INSTRUCTIONS FOR THE TASK:
Keep the images out and set the listing below down word for word.

* * * * * * *

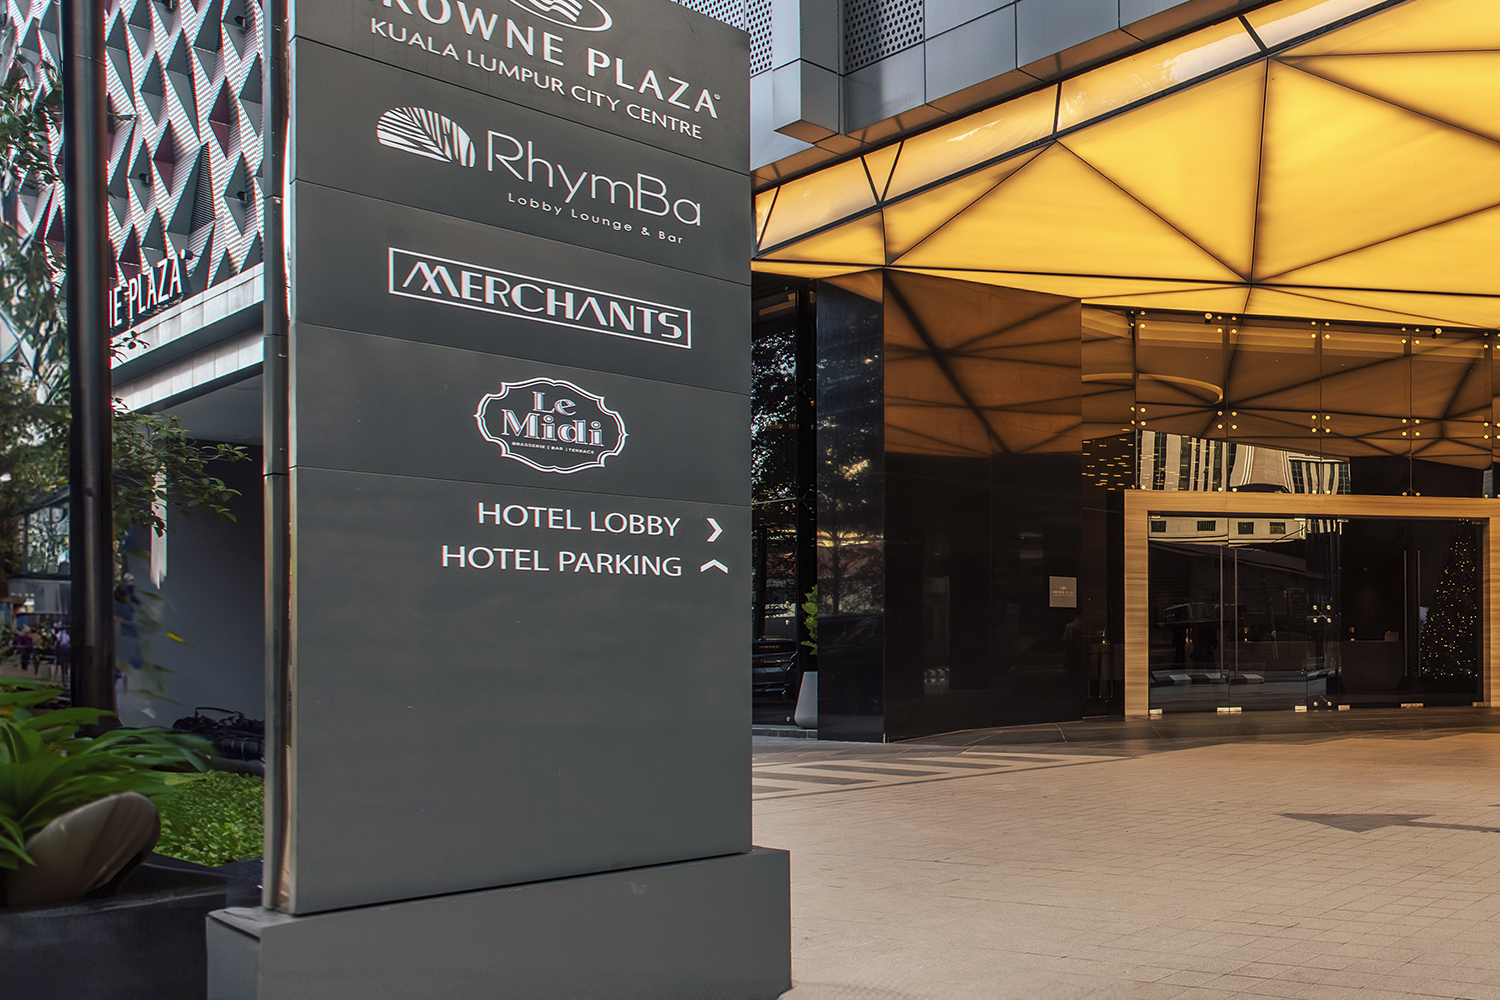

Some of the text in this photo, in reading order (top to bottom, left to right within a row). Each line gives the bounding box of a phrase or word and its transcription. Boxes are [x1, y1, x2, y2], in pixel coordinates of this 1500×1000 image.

[371, 17, 703, 140] KUALA LUMPUR CITY CENTRE
[487, 130, 702, 227] RhymBa
[507, 192, 684, 244] Lobby Lounge & Bar
[128, 252, 183, 320] PLAZA
[402, 261, 683, 340] MERCHANTS
[501, 408, 605, 447] Midi
[532, 390, 577, 416] Le
[478, 502, 682, 537] HOTEL LOBBY
[442, 545, 682, 577] HOTEL PARKING

* * * * * * *

EXPECTED ANSWER:
Some of the text in this photo, in reading order (top to bottom, left to right within a row). Each line gives the bounding box of a phrase or word and its transcription. Boxes are [x1, y1, x2, y2], in pixel coordinates of this 1500×1000 image.

[371, 17, 703, 140] KUALA LUMPUR CITY CENTRE
[487, 130, 702, 227] RhymBa
[507, 192, 684, 244] Lobby Lounge & Bar
[128, 252, 183, 320] PLAZA
[402, 261, 683, 340] MERCHANTS
[501, 408, 605, 447] Midi
[532, 390, 577, 416] Le
[478, 502, 682, 537] HOTEL LOBBY
[442, 545, 682, 577] HOTEL PARKING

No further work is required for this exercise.